The CMSG has made it a priority to make the results of these detailed technical systematic reviews more relevant and accessible by developing KT tools. Knowledge tools according to the Knowledge-to-Action framework refer to synopses that present knowledge in a clear, concise, and user-friendly format. They provide explicit recommendations not only to meet informational needs, but also to facilitate the uptake and application of knowledge. These synopses may take the form of practice guidelines, decision aids and tools, and care pathways13. The CMSG has dedicated extensive time and resources to develop and evaluate user-friendly summaries of its systematic reviews to make research findings more accessible to patients, policy makers, and practitioners such as rheumatologists, orthopedic surgeons, rehabilitation specialists, physical therapists, and others. Based on the key clinimetrics of face validity, different options for readability are proposed for the various tools. Although the statistical psychometric evidence base for each format is in different stages of evolution that may take decades to formally evaluate, the intent is to make sure that these KT tools and products are readable, understandable, and usable, and address the concerns of our audiences.
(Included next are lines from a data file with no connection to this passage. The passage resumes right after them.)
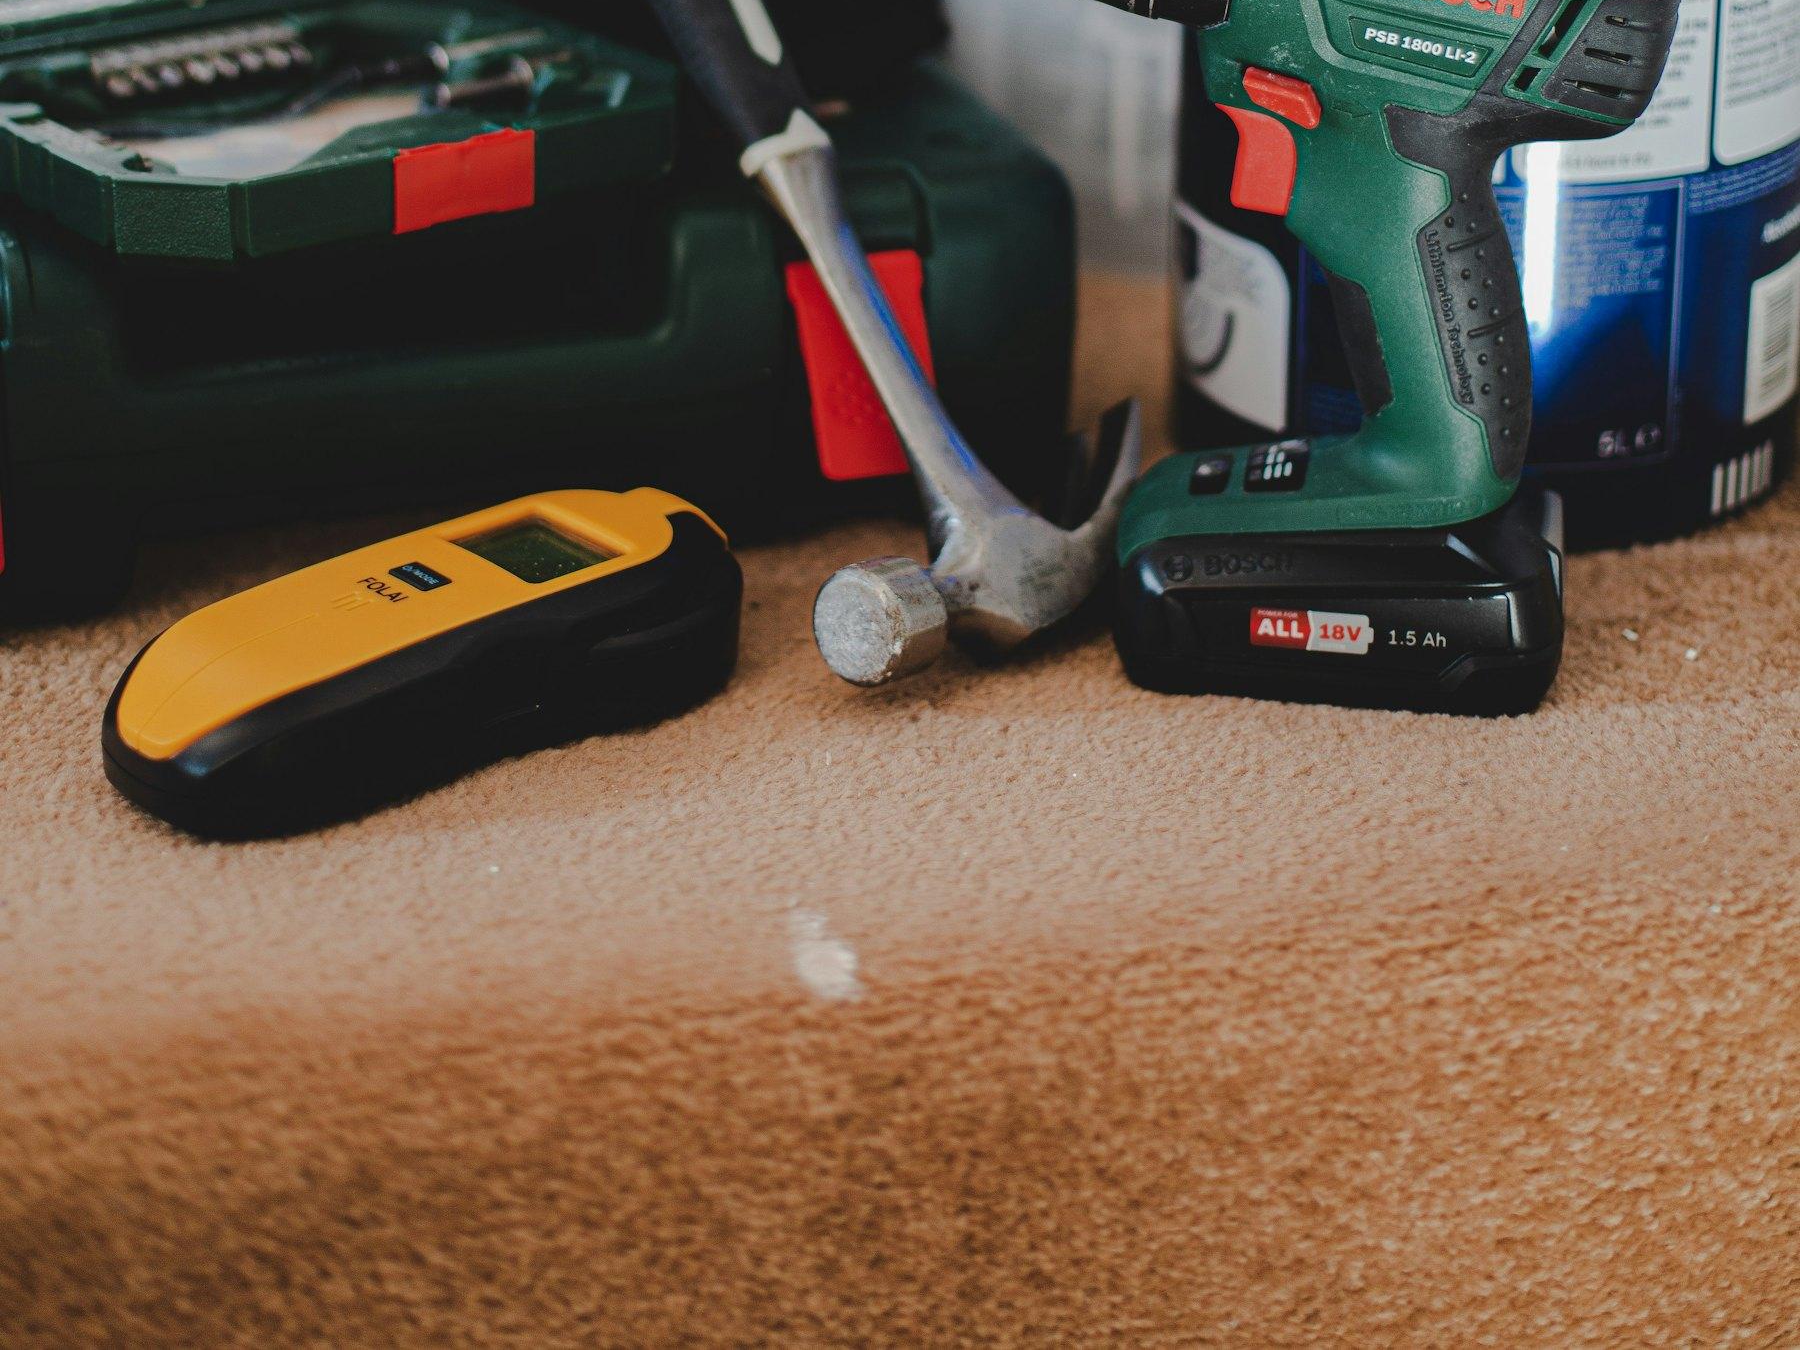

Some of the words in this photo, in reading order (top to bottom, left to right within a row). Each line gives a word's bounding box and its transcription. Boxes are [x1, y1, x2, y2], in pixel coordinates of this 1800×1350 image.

[1364, 27, 1400, 46] PSB
[1402, 35, 1443, 57] 1800
[1444, 45, 1478, 64] LI-2
[1447, 323, 1475, 405] Technology
[1203, 552, 1293, 577] BOSCH
[356, 576, 410, 603] FOLAI
[1256, 617, 1304, 639] ALL
[1318, 622, 1363, 642] 18V
[1388, 630, 1417, 647] 1.5
[1423, 631, 1448, 648] Ah
Next steps include testing these formats for both psychometric properties and on the actual effect on desired outcomes such as knowledge, usefulness and usability, and patient satisfaction with decision making.
FOUNDATION OF KT AT CMSG
In our previous CMSG KT article16, we showed how the results from the metaanalysis forest plots (often called blobbograms) in Cochrane systematic reviews can be transformed into KT tools called “friendly front ends” that practitioners and patients can understand. Since then, further research has shown that carefully chosen formats can enhance the application of evidence-based practices during the patient encounter. Research has identified the need to investigate ways to improve the integration of research-based information within electronic resources used by practitioners17,18,19. We now describe 7 additional friendly front-end options (Table 1) to add to the 3 format options described in the previous article for providing the evidence from systematic reviews to aid KT and exchange between the practitioner and patient. We have retained the “1-, 5-, 15-, and 45-min” categorization from the last paper for these 10 option formats (Table 1) because we find this provides a useful way to tailor the length of the material to the needs and wishes of the user20.
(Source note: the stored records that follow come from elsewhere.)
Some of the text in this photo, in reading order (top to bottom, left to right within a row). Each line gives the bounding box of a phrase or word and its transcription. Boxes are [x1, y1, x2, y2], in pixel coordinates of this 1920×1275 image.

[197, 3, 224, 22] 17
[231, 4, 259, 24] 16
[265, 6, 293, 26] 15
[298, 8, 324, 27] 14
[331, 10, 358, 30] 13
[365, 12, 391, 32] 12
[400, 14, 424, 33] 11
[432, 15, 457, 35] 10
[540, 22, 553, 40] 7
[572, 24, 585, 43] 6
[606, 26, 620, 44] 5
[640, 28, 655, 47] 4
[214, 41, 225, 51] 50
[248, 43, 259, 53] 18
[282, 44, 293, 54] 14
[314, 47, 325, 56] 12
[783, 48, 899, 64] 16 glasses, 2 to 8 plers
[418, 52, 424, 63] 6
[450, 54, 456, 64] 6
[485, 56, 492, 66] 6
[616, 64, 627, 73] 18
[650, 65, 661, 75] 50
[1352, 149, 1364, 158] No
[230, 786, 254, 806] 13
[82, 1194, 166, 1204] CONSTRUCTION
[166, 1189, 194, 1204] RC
CMSG knowledge translation (KT) tools: audience and timeframe.
The CMSG continues to develop and tailor KT tools for our target audiences. We target the patients and their families, practitioners, policy makers, the press, and members of the public21. The content must provide clear, relevant, and consistent presentation of the evidence in the Cochrane review regardless of the audience. Depending on the audience, the format and time needed to understand the evidence should be flexible. Even within each constituency, individuals have different preferences for words, graphs, tables, pictures, podcasts, or videos, and researchers have begun to recognize this variation in preferences, including the advantages and disadvantages for various formats. Some KT tools may go beyond presenting information and evidence: they may propose ways to make decisions or to go through the decision-making process, and can be adapted as versions for patients and practitioners. Therefore, we have drawn on and/or developed a variety of KT tools to communicate evidence from CMSG systematic reviews. Emerging empirical evidence is identified, including areas requiring further research, where the best judgment of the developers of the material was used. Table 1 shows the KT tools and products, the suggested audiences, and time scales of the formats. We then describe these KT tools such as decision aids, journal clubs, summary of findings tables, plain language summaries, podcasts, and others in greater detail.
Forty-five-min KT formats
The 45-min patient decision aid version (Figure 1) extends the patient summaries to ask the patient about their values — the importance to them of the different benefits and harms — and to help them and their practitioner jointly decide whether to start or change their treatment22. This evidence-based tool prepares patients to participate in decision making by (1) making the decision explicit; (2) providing evidence-based information about a treatment option including benefits, harms, probabilities, and scientific uncertainties; (3) helping people clarify the value they place on the benefits, harms, and scientific uncertainties by describing the options and asking people which benefits and harms matter most to them; and (4) providing structured guidance in the steps of decision making and communication of their informed values with others involved (e.g., practitioner, family). There is evidence from controlled trials that patient decision aids increase knowledge and more realistic expectations, enhance patient involvement in decision making, improve values-choice agreement, and reduce decisional conflict22. Decision aids appear to improve patient-practitioner communication, and they have a variable effect on length of consultation22. Exposure to decision aids compared to usual care demonstrates reduced choice of major elective invasive surgery in favor of conservative options (RR 0.80; 95% CI 0.64–1.00; n = 11)22. CMSG decision aids are based on the Ottawa Decision Support Framework and were created to meet the International Patient Decision Aid Standards (http://ipdas.ohri.ca/)23.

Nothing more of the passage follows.